More than a quarter-century after the fall of communism in eastern Europe, the world has been surprised to learn that the region’s political culture is still far from being the same as that of western Europe’s democracies. The West perhaps assumed that the positive aspects of liberalism and democracy had automatically taken root eastwards, but so-called “New Europe” had in fact been choosing only those features of western life that conform to its own values. It was not until the refugee crisis that politicians and commentators in the West realised that these different values may even challenge the EU’s future.

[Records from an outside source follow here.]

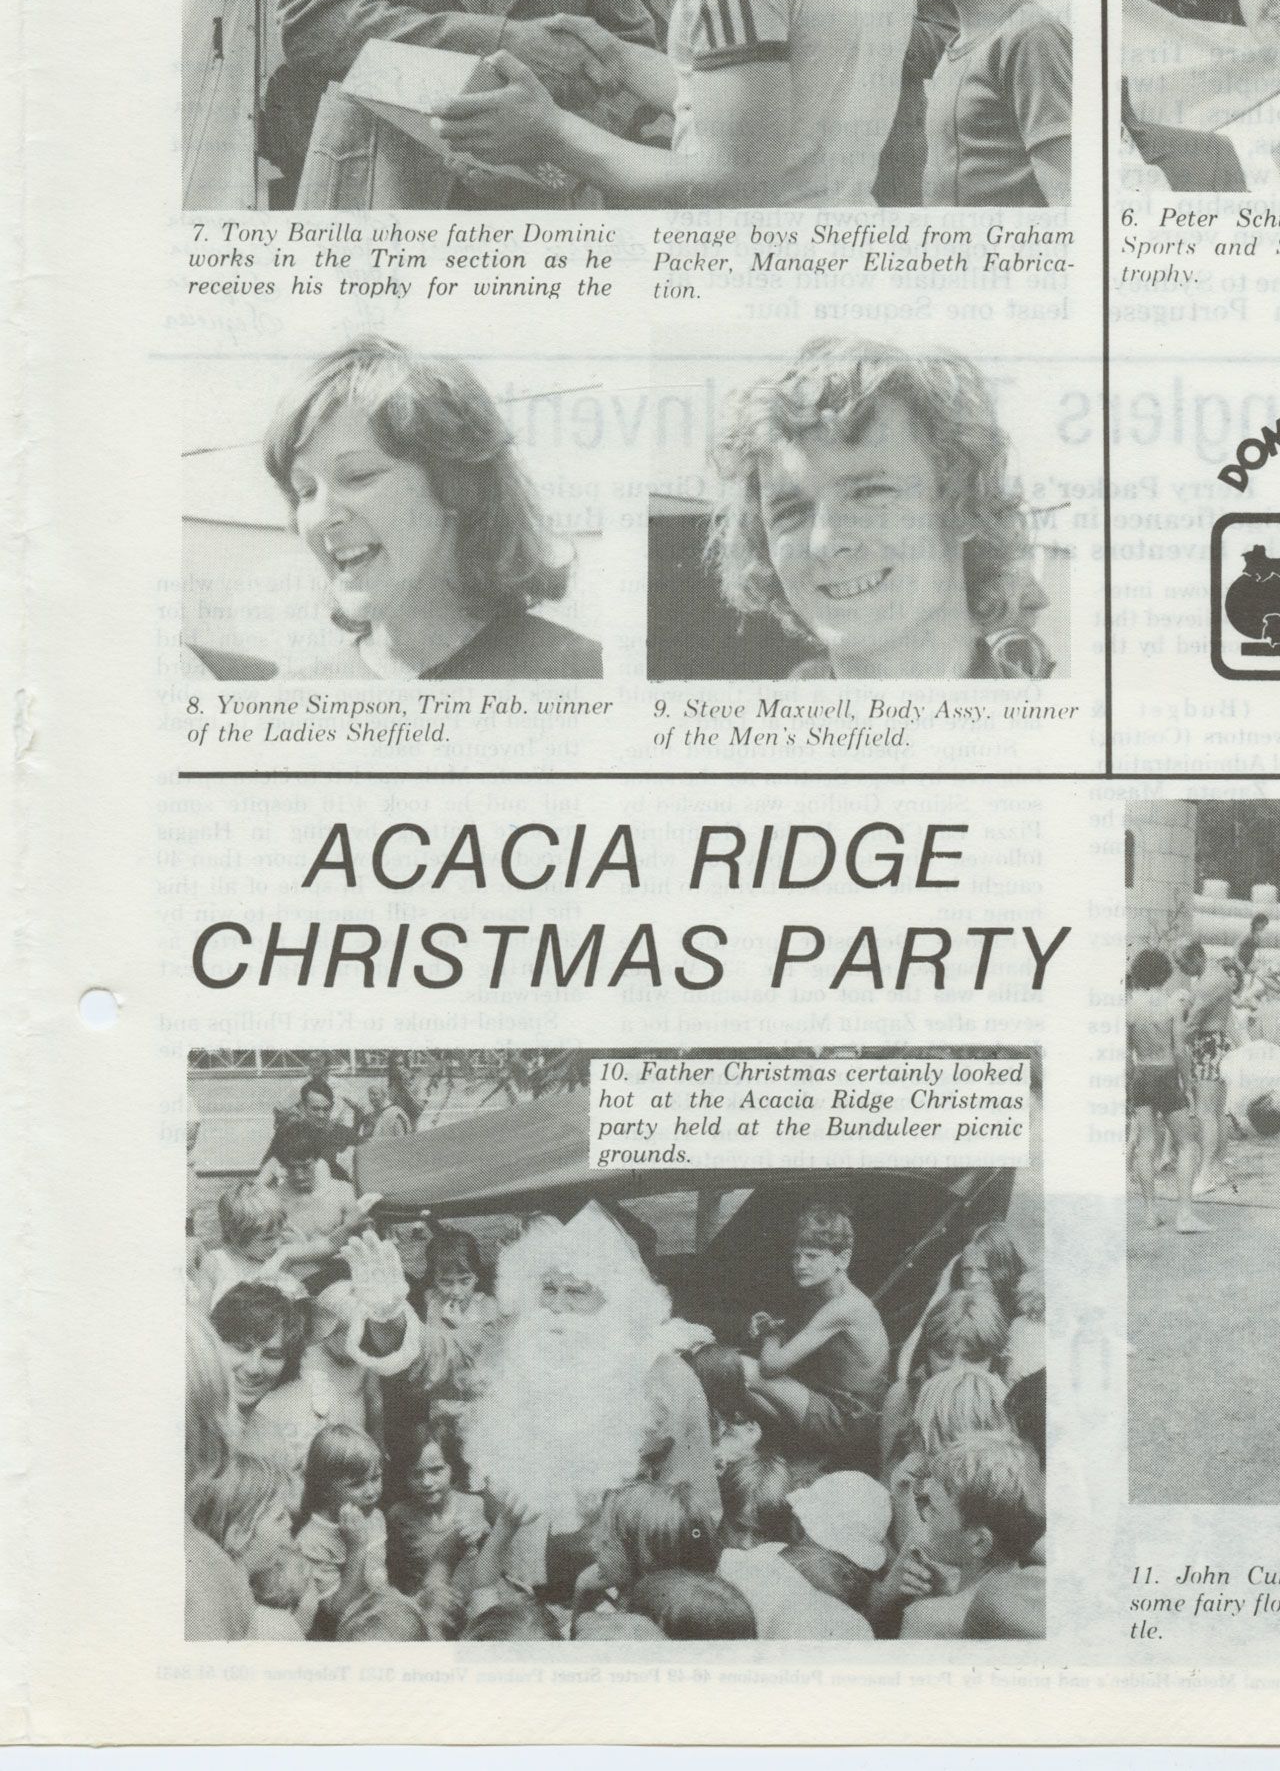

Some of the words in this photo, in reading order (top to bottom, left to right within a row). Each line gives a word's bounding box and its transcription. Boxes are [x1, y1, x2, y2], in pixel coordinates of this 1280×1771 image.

[1121, 208, 1138, 226] 6.
[1159, 207, 1219, 227] Peter
[222, 222, 278, 247] Tony
[288, 222, 362, 243] Barilla
[372, 222, 438, 242] whose
[446, 223, 514, 247] father
[523, 223, 616, 243] Dominic
[653, 227, 736, 246] teenage
[750, 224, 797, 244] boys
[811, 224, 910, 248] Sheffield
[921, 224, 971, 248] from
[986, 225, 1073, 245] Graham
[186, 696, 204, 715] 8.
[218, 695, 299, 715] Yvonne
[306, 694, 407, 719] Simpson,
[418, 694, 471, 714] Trim
[481, 694, 528, 715] Fab.
[538, 695, 613, 715] winner
[653, 699, 670, 718] 9.
[683, 699, 745, 719] Steve
[756, 698, 855, 720] Maxwell,
[869, 699, 925, 724] Body
[934, 700, 997, 723] Assy.
[1004, 699, 1079, 719] winner
[187, 722, 210, 746] of
[218, 722, 253, 743] the
[264, 722, 336, 742] Ladies
[346, 722, 451, 746] Sheffield.
[301, 823, 640, 890] ACACIA
[690, 822, 968, 889] RIDGE
[193, 922, 727, 990] CHRISTMAS
[771, 925, 1071, 990] PARTY
[601, 1062, 628, 1081] 10.
[639, 1061, 715, 1082] Father
[724, 1061, 837, 1082] Christmas
[846, 1062, 944, 1087] certainly
[952, 1061, 1024, 1082] looked
[599, 1088, 634, 1109] hot
[650, 1091, 673, 1109] at
[689, 1088, 725, 1109] the
[739, 1088, 814, 1109] Acacia
[831, 1089, 894, 1113] Ridge
[910, 1088, 1024, 1110] Christmas
[1132, 1566, 1159, 1585] 11.
[1175, 1564, 1230, 1585] John

In the post-communist countries, there is a minority of active volunteers who are determined to help refugees. But the general level of hostility towards refugees from Africa and the Middle East has been startling. Unlike in western Europe, societies in these countries are still extremely homogeneous. In the Czech Republic fervent hatred of refugees has been very widespread, even though very few refugees have actually entered the country. Anti-refugee hysteria is encouraged by politicians, and by the media for political and commercial ends.

Czech politicians have long avoided taking responsibility for problems by raising fears that the pre-1989 regime could return. This sort of scaremongering is far less effective than before, so now they have turned to raising fears of culturally-alien foreigners.

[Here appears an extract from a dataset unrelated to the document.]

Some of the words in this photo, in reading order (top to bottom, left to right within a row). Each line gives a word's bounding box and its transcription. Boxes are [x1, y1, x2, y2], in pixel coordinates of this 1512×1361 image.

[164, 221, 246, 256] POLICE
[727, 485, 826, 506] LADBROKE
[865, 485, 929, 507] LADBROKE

A notable feature of the present situation is the lack of Czech popular empathy for refugees. People are unmoved by the individual stories of hardship. The Czech public doesn’t believe them, and dismisses them as propaganda.

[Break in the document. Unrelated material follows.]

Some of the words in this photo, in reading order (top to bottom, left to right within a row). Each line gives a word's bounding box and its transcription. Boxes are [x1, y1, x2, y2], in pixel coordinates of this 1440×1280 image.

Much of this Czech anti-refugee hostility is motivated by fear. People genuinely believe that their country, and Europe as a whole, will be overwhelmed by Muslim culture, that there will be violence and sharia law. These European societies have an acute sense of victimhood and a feeling that “no one understands us, but we are the only ones in Europe who can see how things really are. The Germans will realise the danger only when it is too late.”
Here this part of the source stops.